**What this task involves**
Your output should reproduce each entry exactly, with none of its pictures.

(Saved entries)

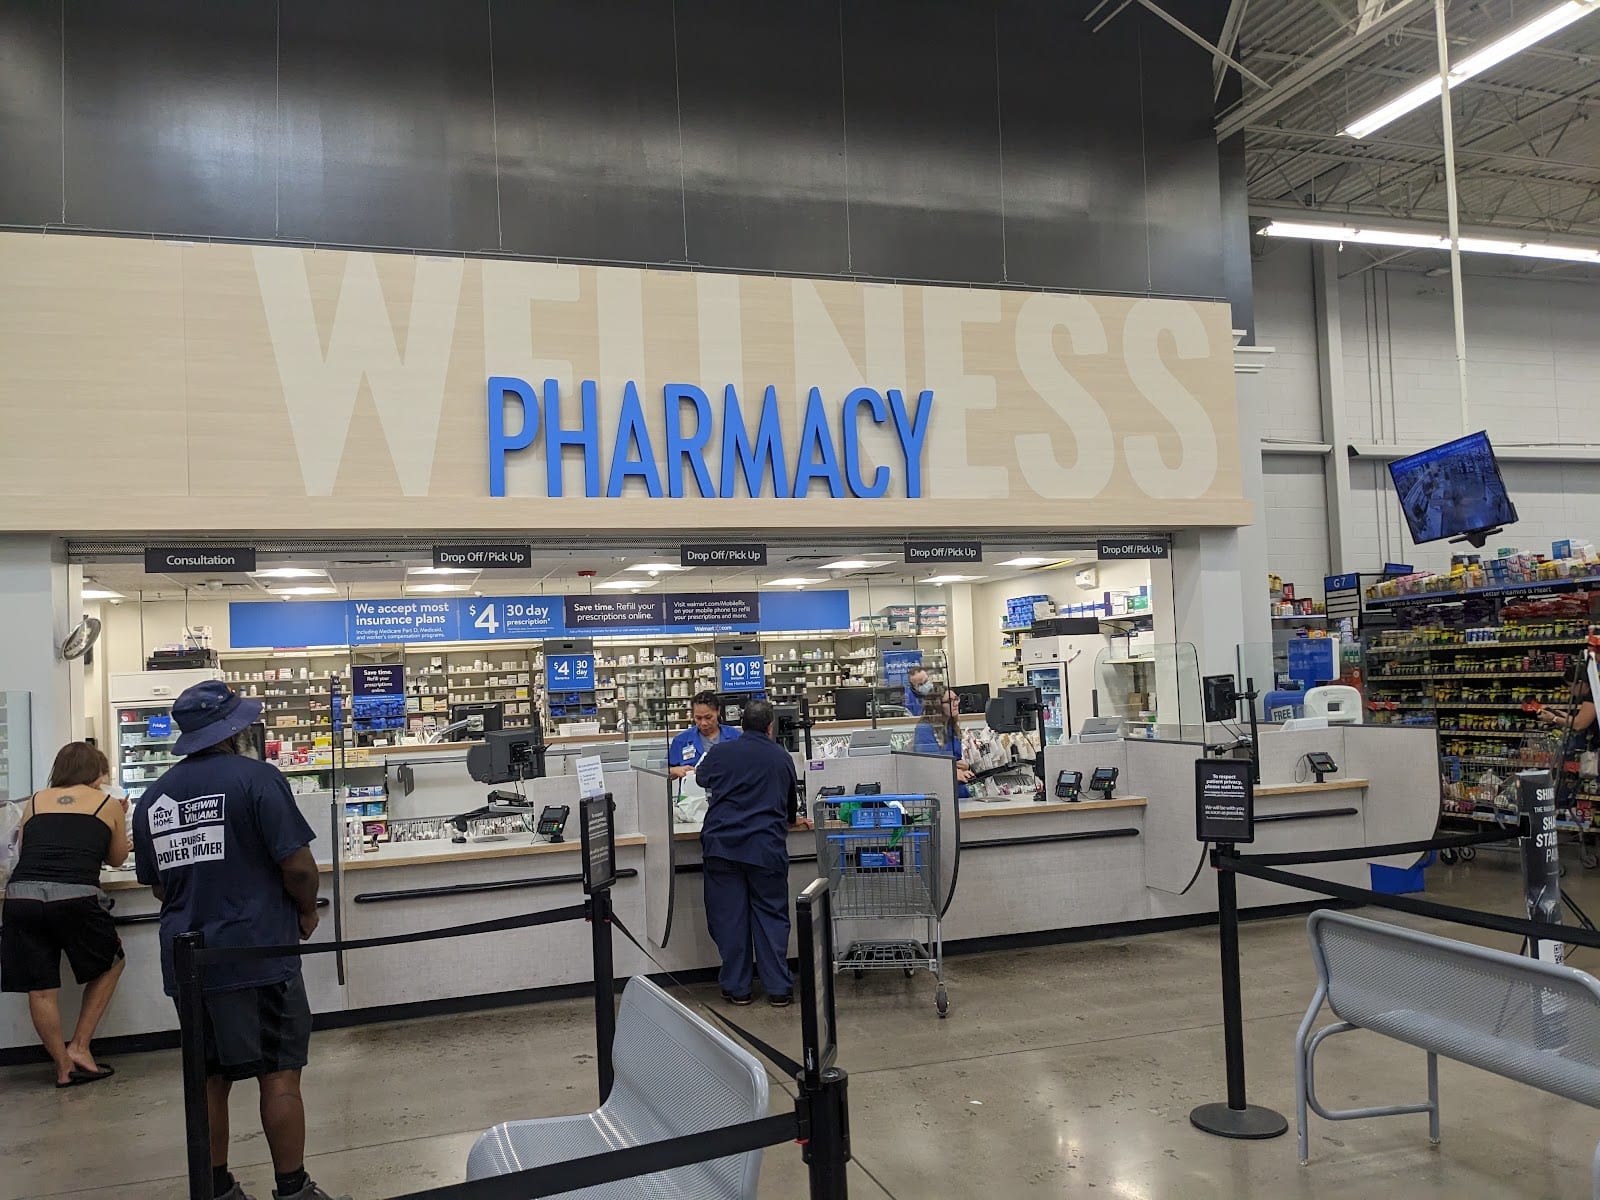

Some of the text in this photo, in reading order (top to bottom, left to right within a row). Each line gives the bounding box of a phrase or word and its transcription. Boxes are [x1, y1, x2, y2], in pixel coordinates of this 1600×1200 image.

[488, 376, 934, 498] PHARMACY
[687, 550, 761, 562] Drop Off/Pick Up
[910, 548, 977, 558] Drop Off/Pick Up
[1102, 545, 1163, 555] Drop Off/Pick Up
[166, 555, 235, 566] Consultation
[440, 551, 524, 563] Drop Off/Pick Up
[355, 602, 450, 616] We accept most
[506, 603, 549, 619] 30 day
[574, 602, 656, 612] Save time. Refill your
[714, 606, 731, 614] phone
[356, 613, 446, 627] insurance plans
[469, 603, 500, 634] $4
[577, 612, 654, 623] prescriptions online.
[553, 660, 570, 676] $4
[576, 660, 588, 669] 30
[724, 662, 746, 677] $10
[749, 661, 760, 670] 90
[576, 668, 588, 677] day
[749, 669, 761, 677] day
[1273, 708, 1292, 721] FREE
[153, 809, 173, 821] HGTV
[153, 816, 174, 828] HOME
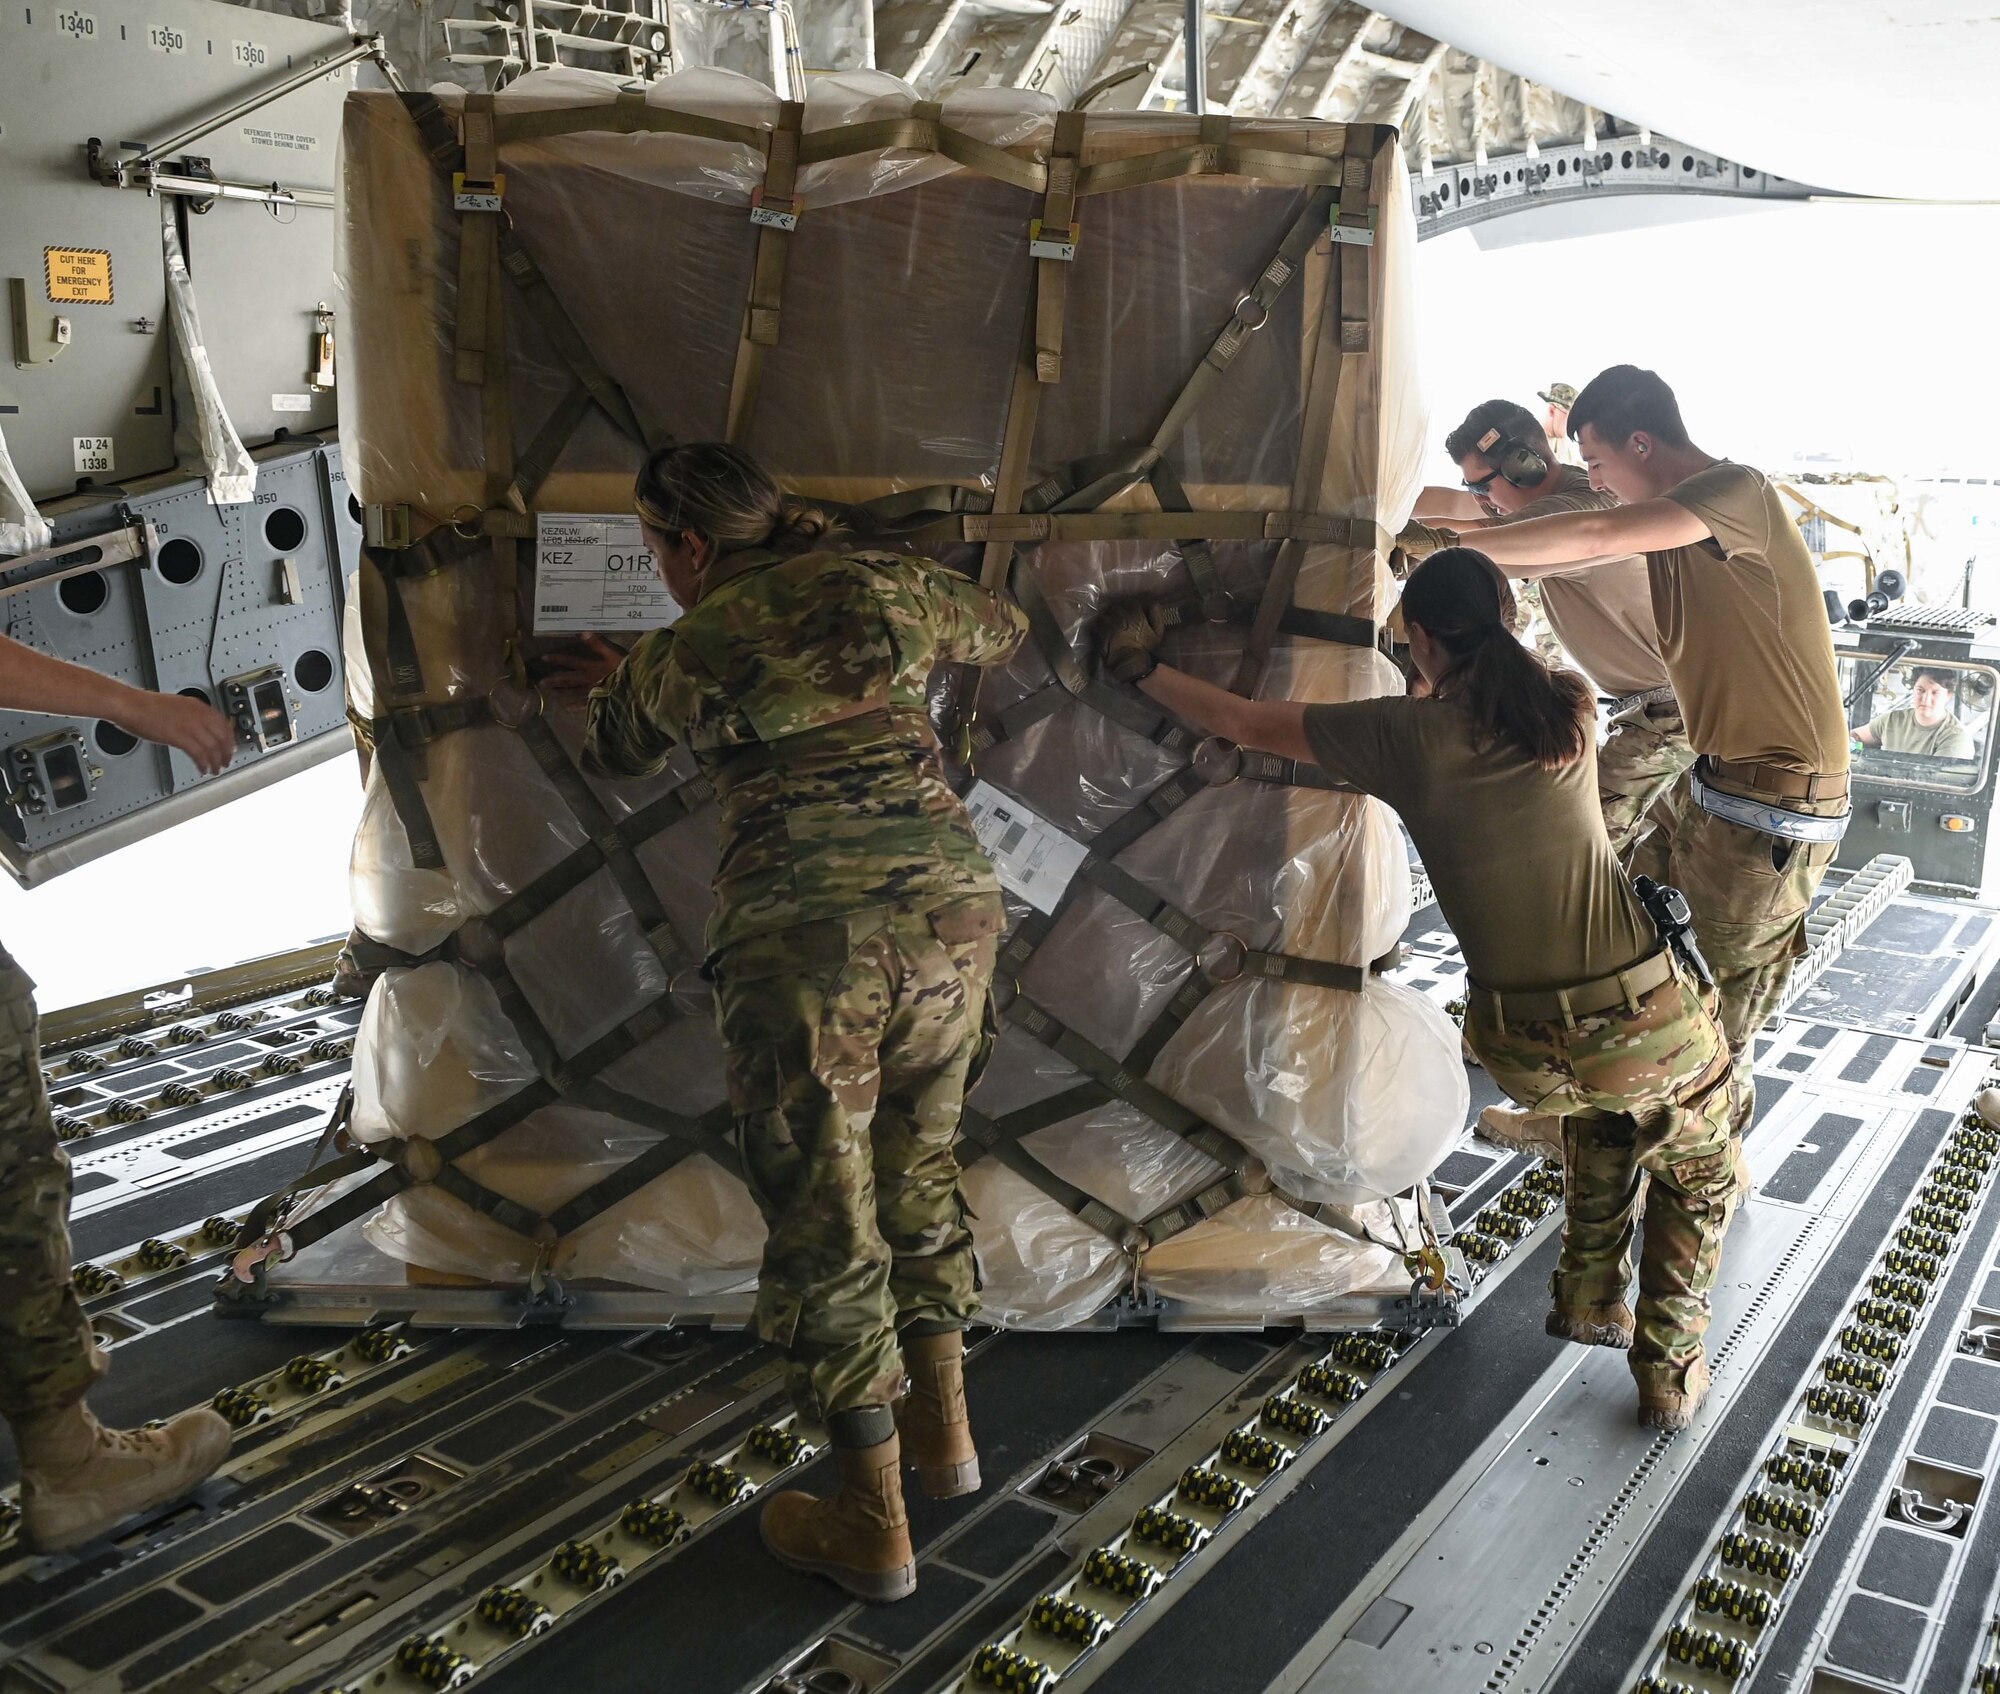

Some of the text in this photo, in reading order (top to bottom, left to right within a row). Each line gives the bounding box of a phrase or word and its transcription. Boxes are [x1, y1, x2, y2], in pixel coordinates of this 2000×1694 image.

**Task output**
Some of the text in this photo, in reading order (top to bottom, left to right within a row). Each line gives the bounding box of a phrase or word and its transcription. Boxes are [x1, y1, x2, y2], in pixel coordinates of this 1600×1200 image.

[488, 376, 934, 498] PHARMACY
[687, 550, 761, 562] Drop Off/Pick Up
[910, 548, 977, 558] Drop Off/Pick Up
[1102, 545, 1163, 555] Drop Off/Pick Up
[166, 555, 235, 566] Consultation
[440, 551, 524, 563] Drop Off/Pick Up
[355, 602, 450, 616] We accept most
[506, 603, 549, 619] 30 day
[574, 602, 656, 612] Save time. Refill your
[714, 606, 731, 614] phone
[356, 613, 446, 627] insurance plans
[469, 603, 500, 634] $4
[577, 612, 654, 623] prescriptions online.
[553, 660, 570, 676] $4
[576, 660, 588, 669] 30
[724, 662, 746, 677] $10
[749, 661, 760, 670] 90
[576, 668, 588, 677] day
[749, 669, 761, 677] day
[1273, 708, 1292, 721] FREE
[153, 809, 173, 821] HGTV
[153, 816, 174, 828] HOME

Some of the text in this photo, in reading order (top to bottom, left to right within a row). Each line gives the bounding box of a phrase or word and its transcription. Boxes are [x1, y1, x2, y2], in pixel coordinates of this 2000×1694 image.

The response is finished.